*** Block opens ***
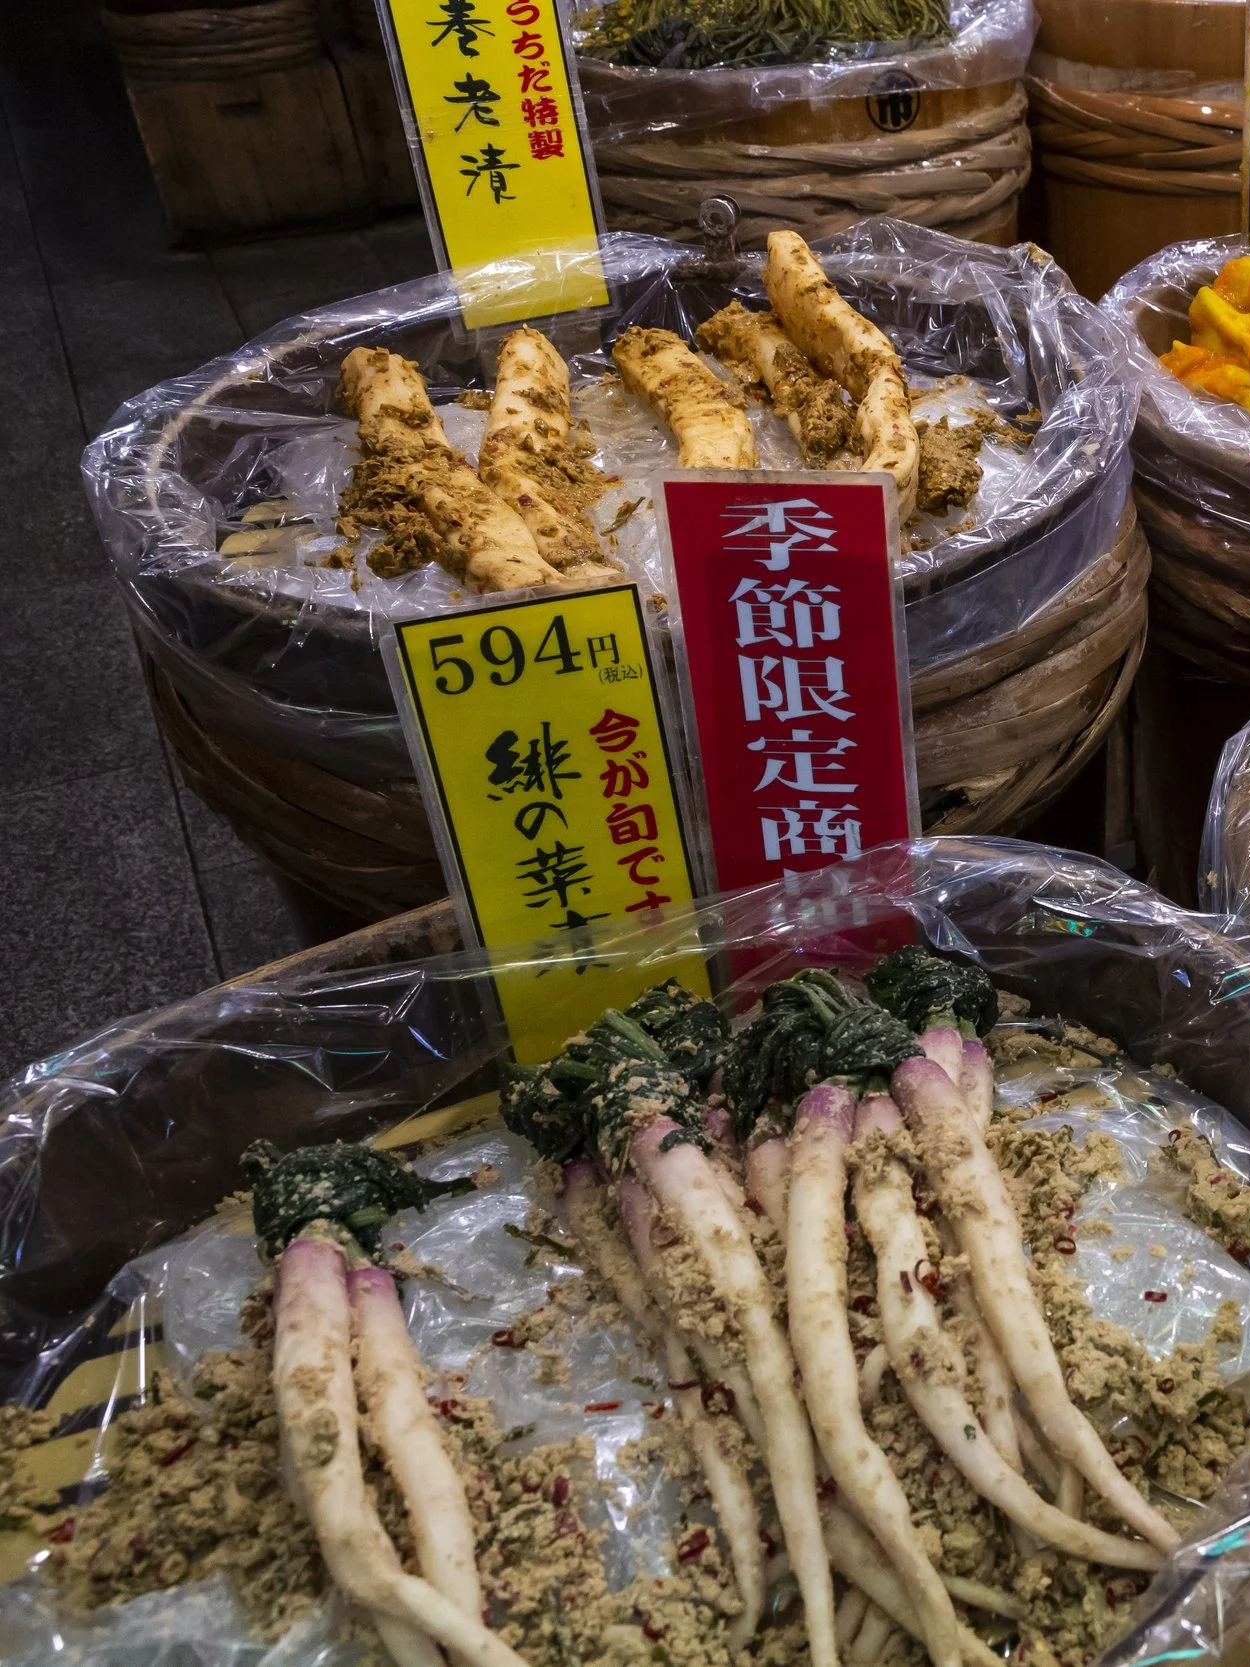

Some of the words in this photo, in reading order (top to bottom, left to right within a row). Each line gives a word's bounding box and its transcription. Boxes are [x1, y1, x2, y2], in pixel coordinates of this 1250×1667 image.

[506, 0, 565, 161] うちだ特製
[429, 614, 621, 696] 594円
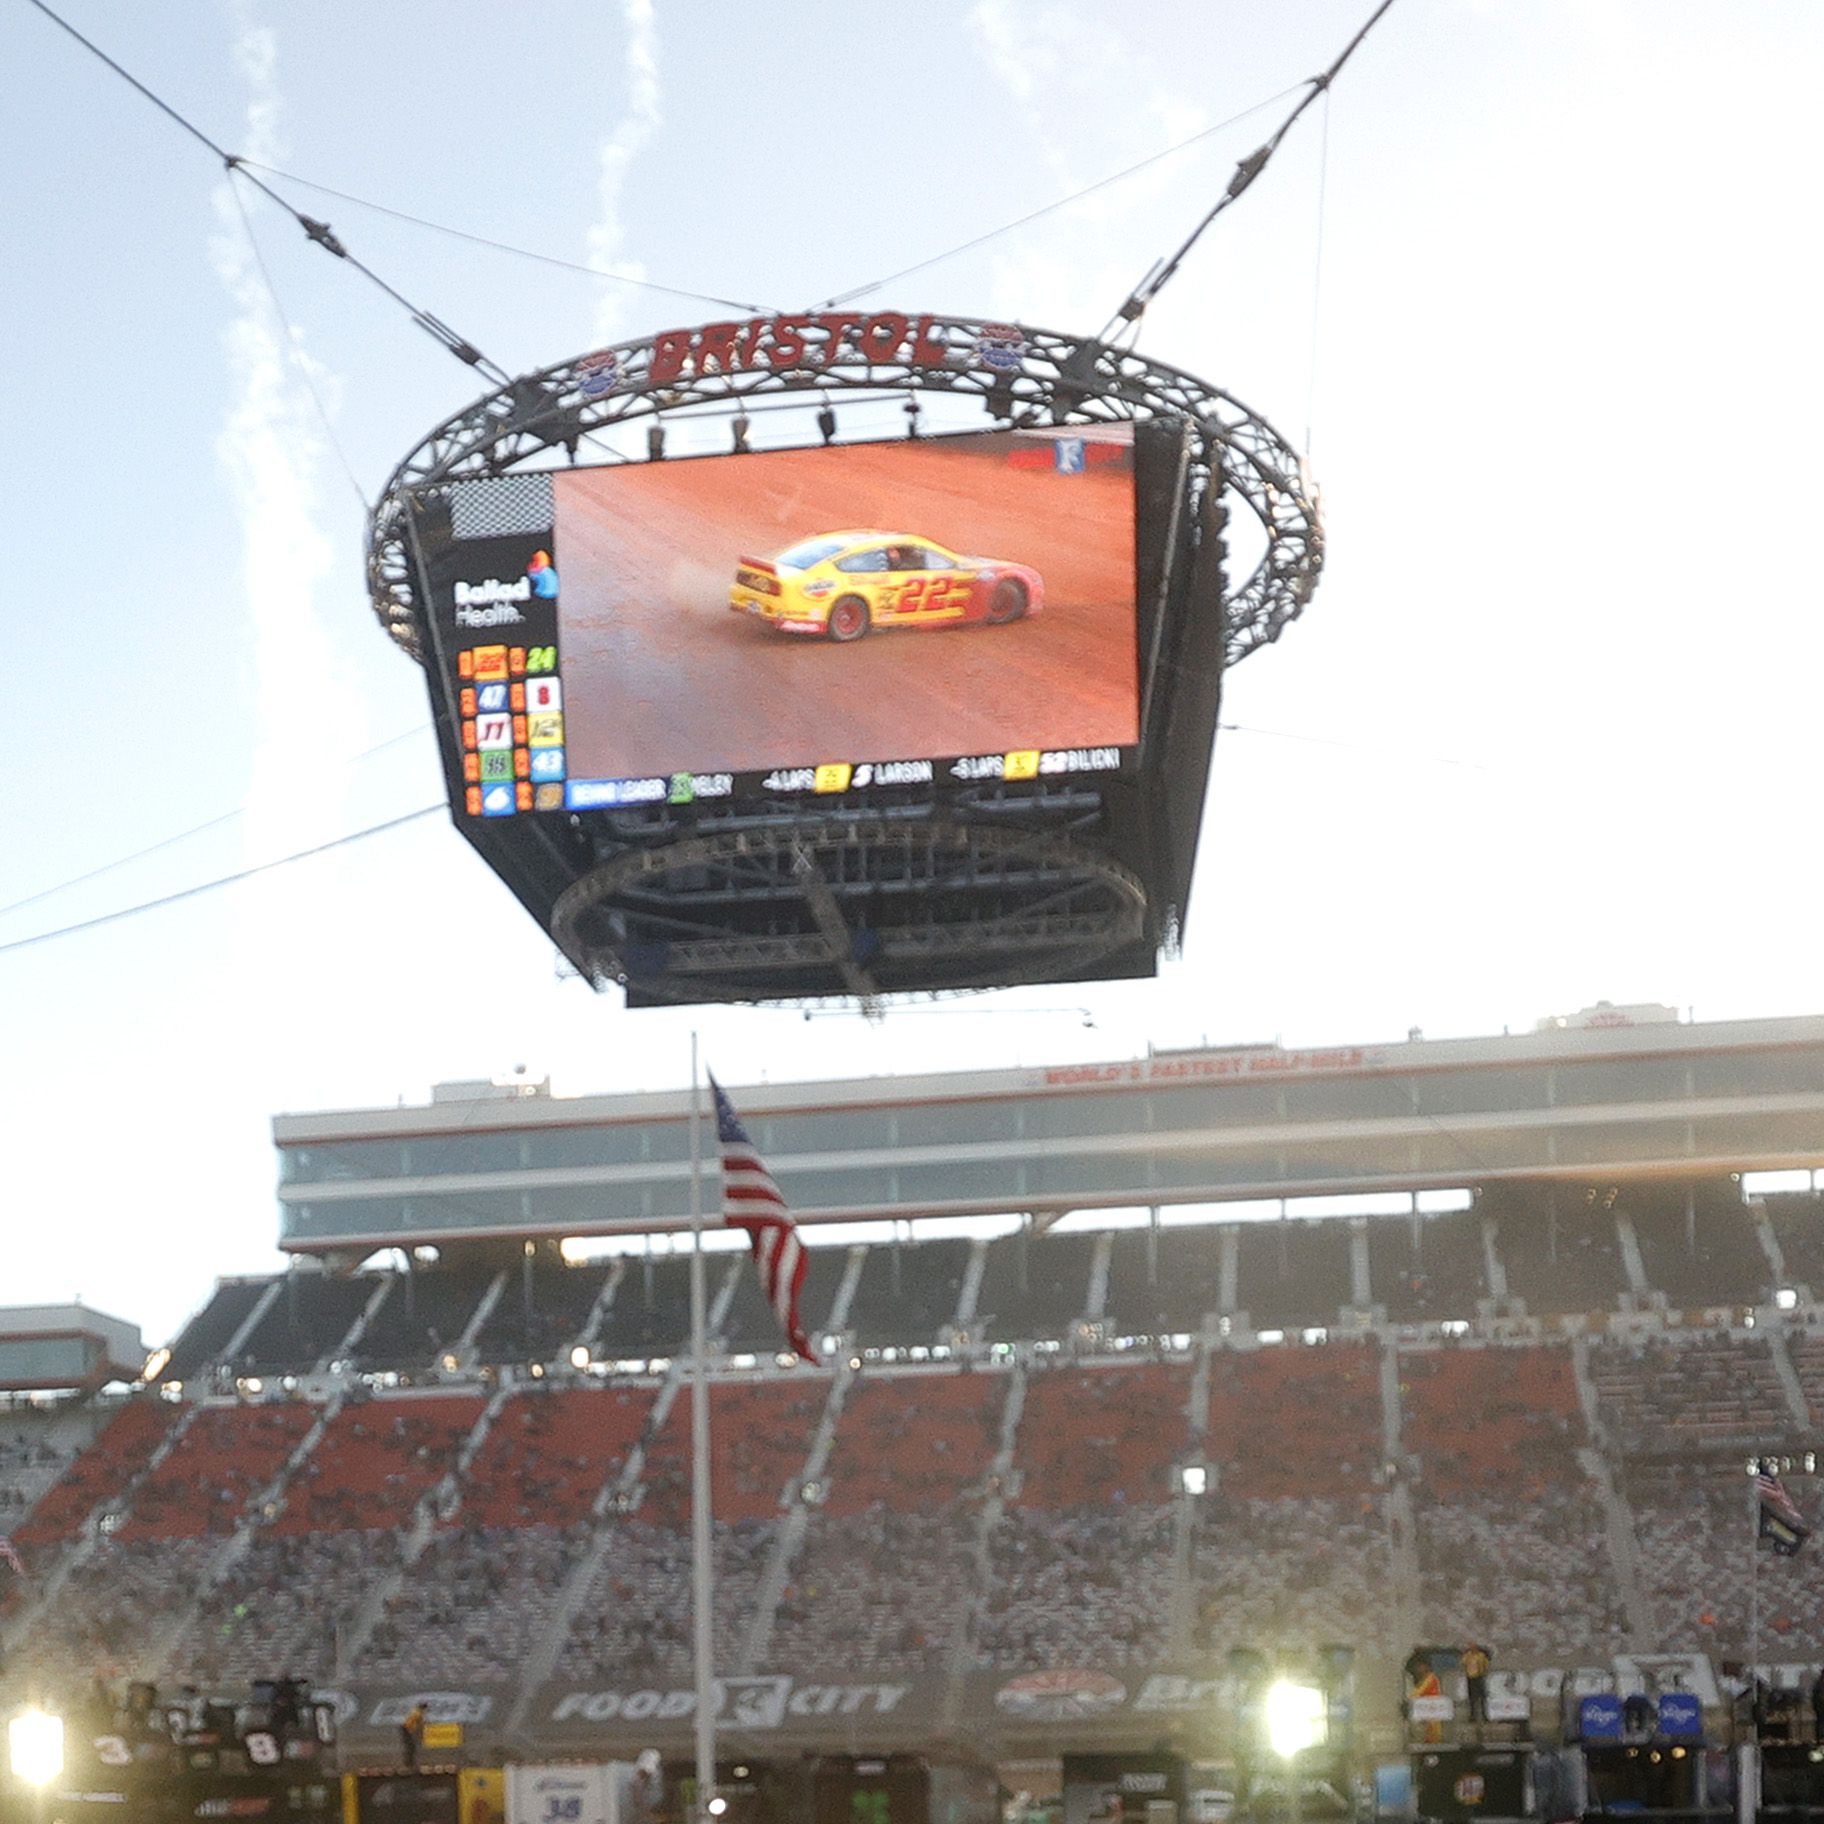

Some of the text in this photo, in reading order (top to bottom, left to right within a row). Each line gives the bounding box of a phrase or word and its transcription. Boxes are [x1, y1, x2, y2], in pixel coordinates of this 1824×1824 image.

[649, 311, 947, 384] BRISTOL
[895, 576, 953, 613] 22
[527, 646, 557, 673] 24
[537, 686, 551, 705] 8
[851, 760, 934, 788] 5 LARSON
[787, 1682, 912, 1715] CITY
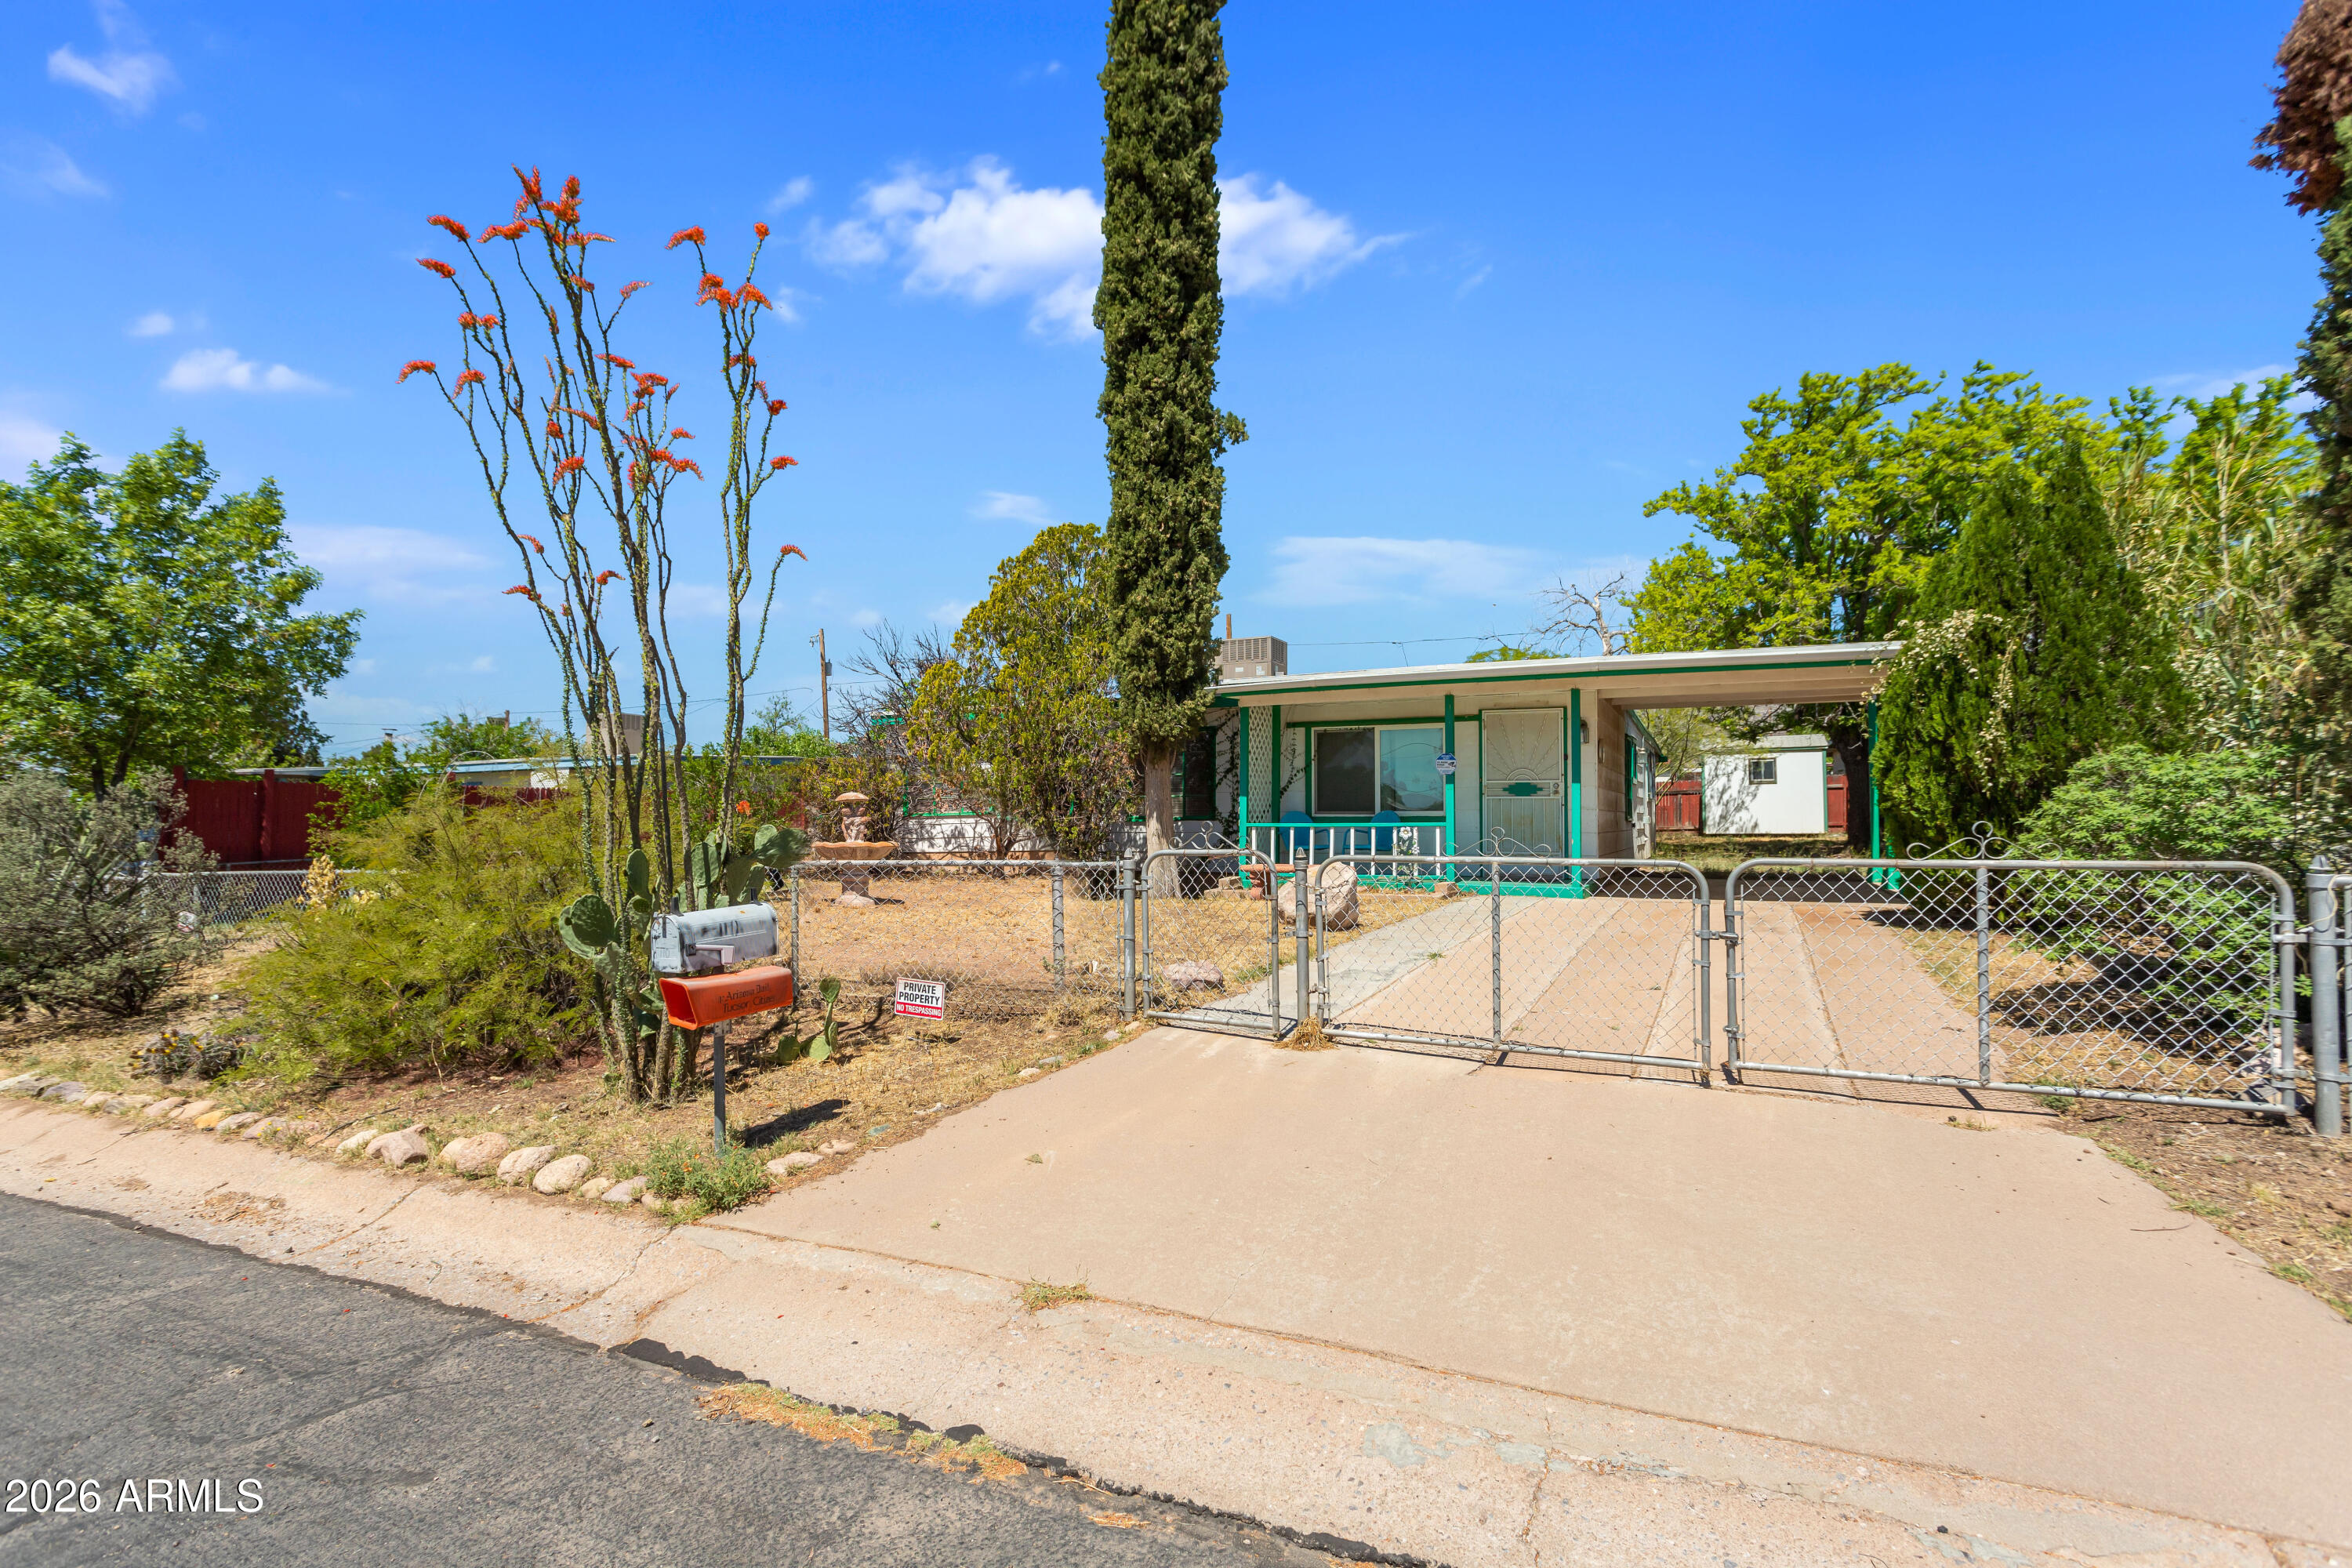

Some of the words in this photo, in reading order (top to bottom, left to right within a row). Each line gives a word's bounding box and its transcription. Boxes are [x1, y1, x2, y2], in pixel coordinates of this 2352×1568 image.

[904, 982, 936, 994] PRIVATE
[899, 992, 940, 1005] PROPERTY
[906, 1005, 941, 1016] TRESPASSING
*** Block closes ***
An exact reprint of every record is required, with the pictures omitted.

Expected answer >>
Some of the words in this photo, in reading order (top to bottom, left to right within a row). Each line gives a word's bounding box and its transcription. Boxes are [x1, y1, x2, y2], in pixel coordinates of this 1250×1667 image.

[506, 0, 565, 161] うちだ特製
[429, 614, 621, 696] 594円

Some of the text in this photo, in reading order (top to bottom, left to right within a row). Each line gives the bounding box of a phrase or word and its transcription. Boxes are [x1, y1, x2, y2], in pixel coordinates of this 1824×1824 image.

[649, 311, 947, 384] BRISTOL
[895, 576, 953, 613] 22
[527, 646, 557, 673] 24
[537, 686, 551, 705] 8
[851, 760, 934, 788] 5 LARSON
[787, 1682, 912, 1715] CITY

Some of the words in this photo, in reading order (top to bottom, left to right within a row). Each line gives a word's bounding box and its transcription. Boxes are [x1, y1, x2, y2], in pixel coordinates of this 2352×1568 image.

[904, 982, 936, 994] PRIVATE
[899, 992, 940, 1005] PROPERTY
[906, 1005, 941, 1016] TRESPASSING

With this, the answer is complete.